» EXERCISE: Apart from the images, reproduce all of the data word for word.

Spatial localization data:

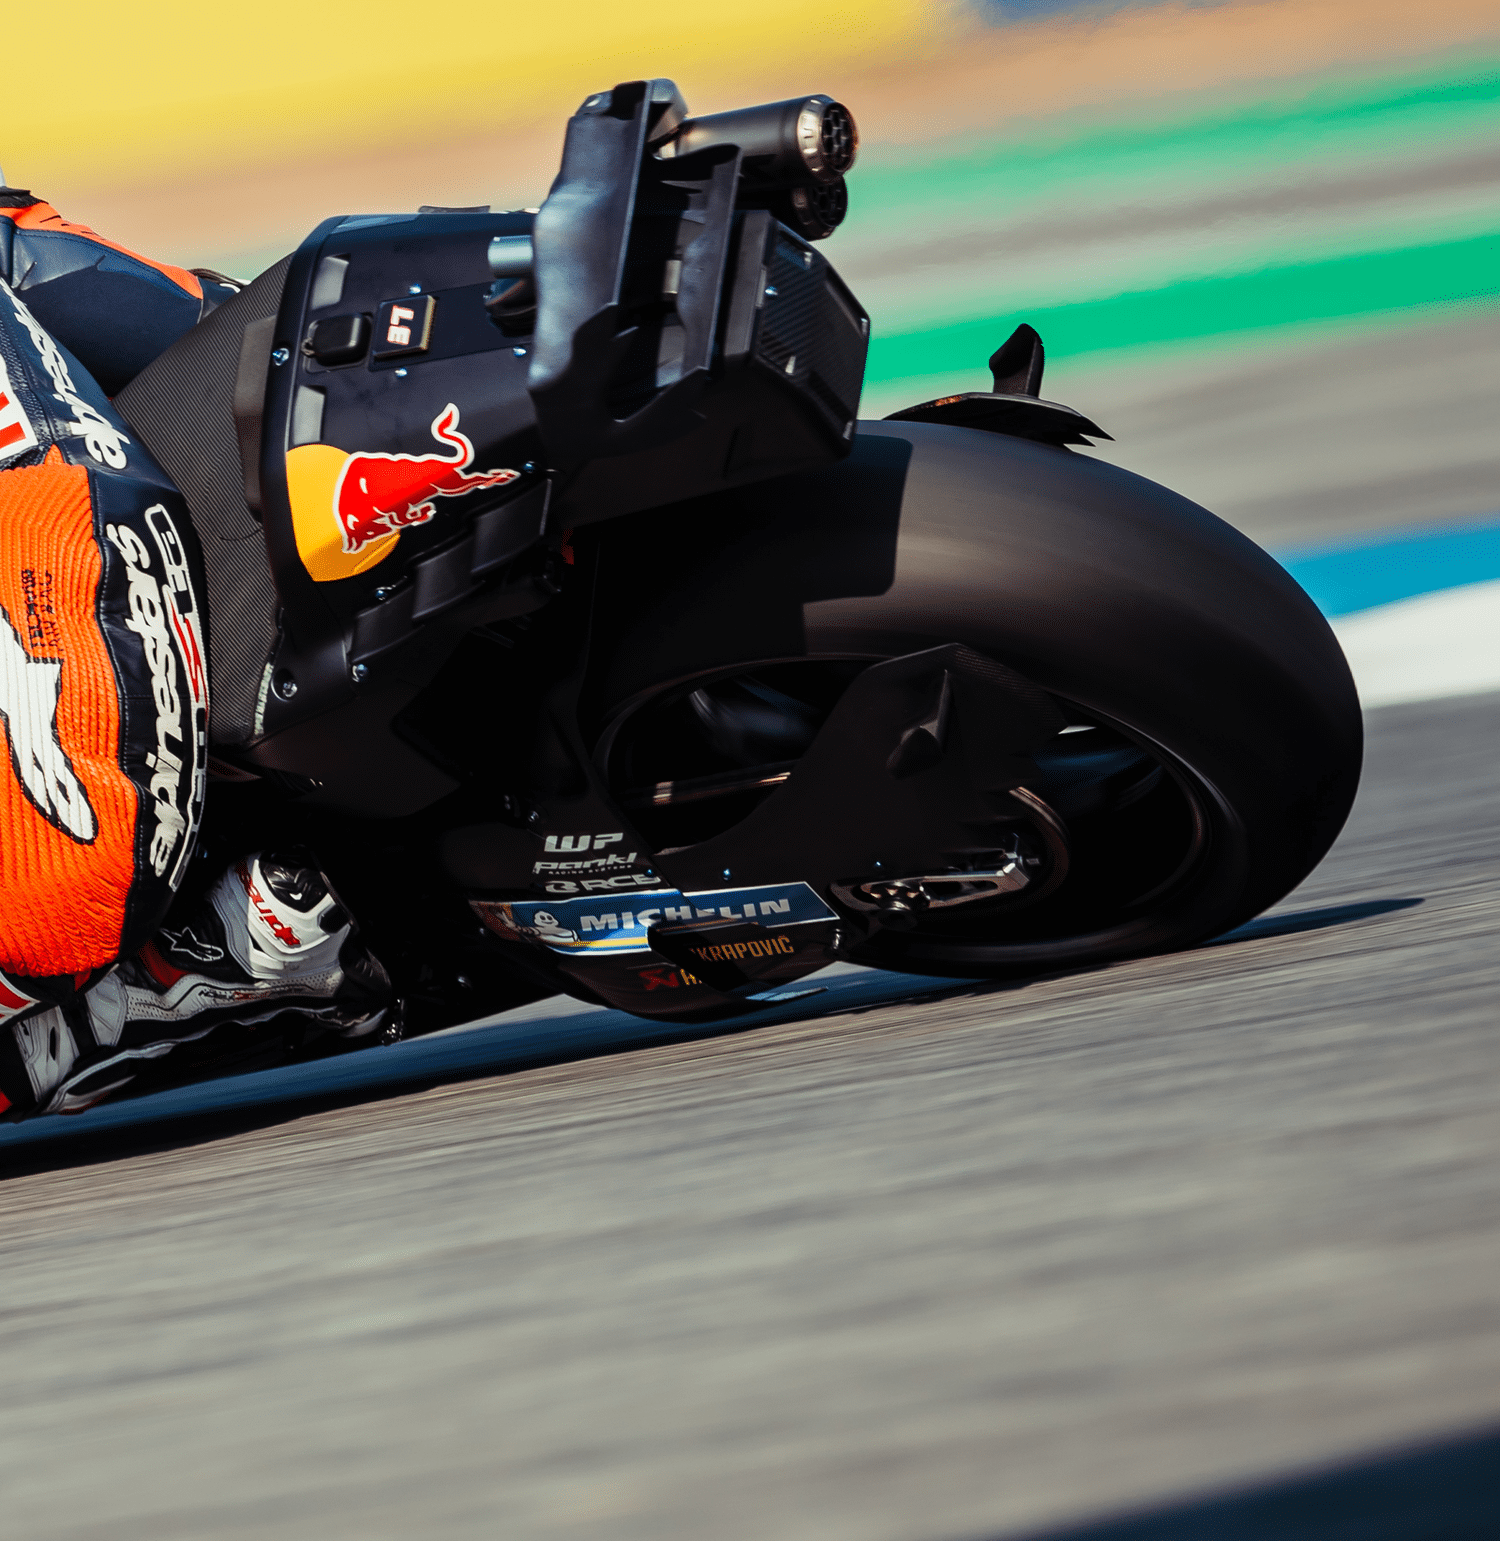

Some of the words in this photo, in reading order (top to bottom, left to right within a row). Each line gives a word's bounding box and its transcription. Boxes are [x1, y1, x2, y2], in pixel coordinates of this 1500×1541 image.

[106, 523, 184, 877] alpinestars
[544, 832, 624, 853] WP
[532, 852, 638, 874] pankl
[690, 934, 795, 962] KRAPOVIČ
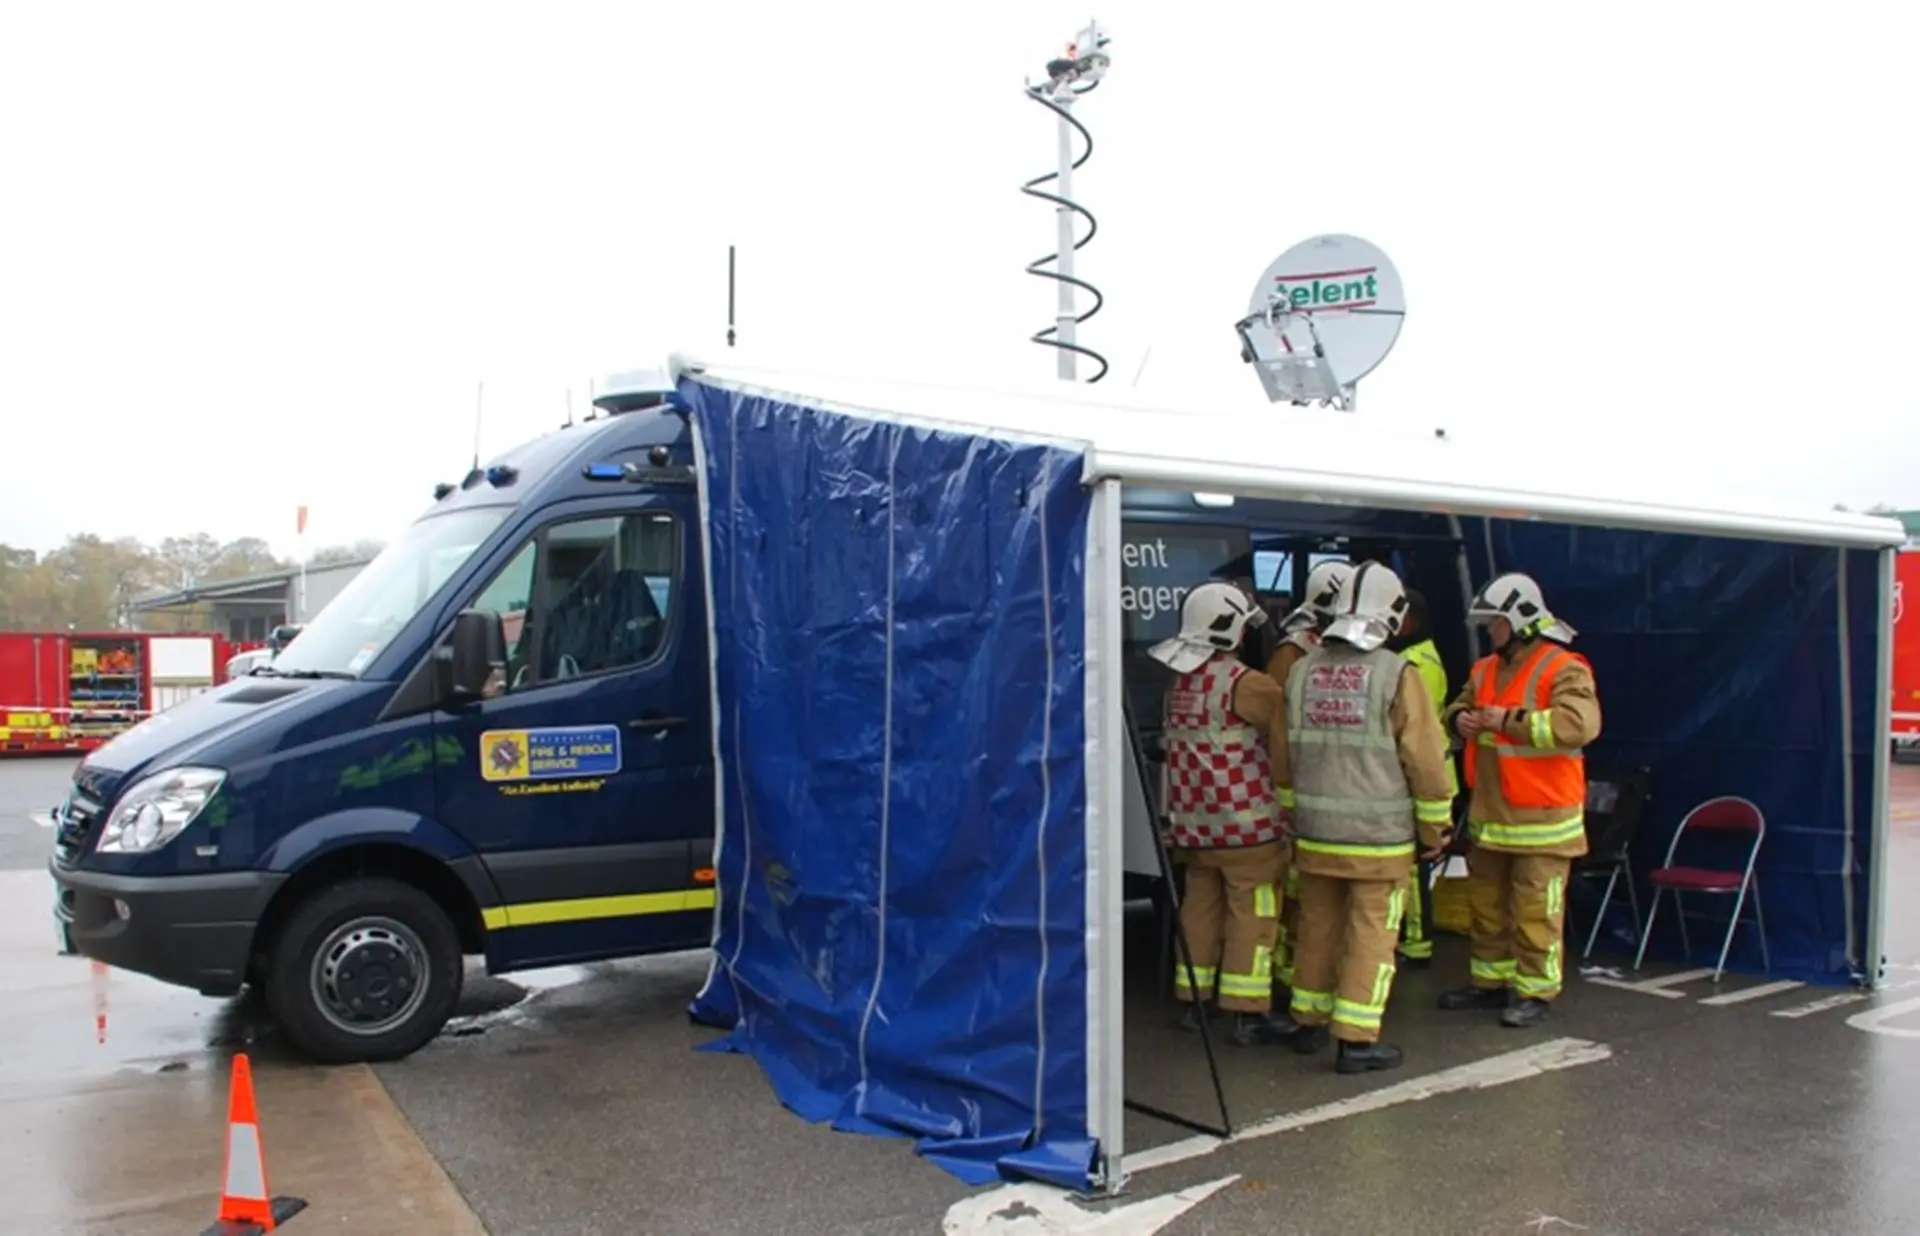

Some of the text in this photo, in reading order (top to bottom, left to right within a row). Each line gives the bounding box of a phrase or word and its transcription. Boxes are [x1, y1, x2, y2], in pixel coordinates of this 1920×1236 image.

» RESULT OF THE EXERCISE:
Some of the words in this photo, in reading order (top to bottom, left to right within a row). Each line gives a word's bounding box and its transcription. Boxes are [x1, y1, x2, y2], in pixel coordinates of this 1500×1541 image.

[106, 523, 184, 877] alpinestars
[544, 832, 624, 853] WP
[532, 852, 638, 874] pankl
[690, 934, 795, 962] KRAPOVIČ

Some of the text in this photo, in reading order (top to bottom, left to right within a row). Each line gives the bounding box of a phrase or word and its transcription. Boxes are [x1, y1, x2, y2], in pixel coordinates of this 1920×1236 image.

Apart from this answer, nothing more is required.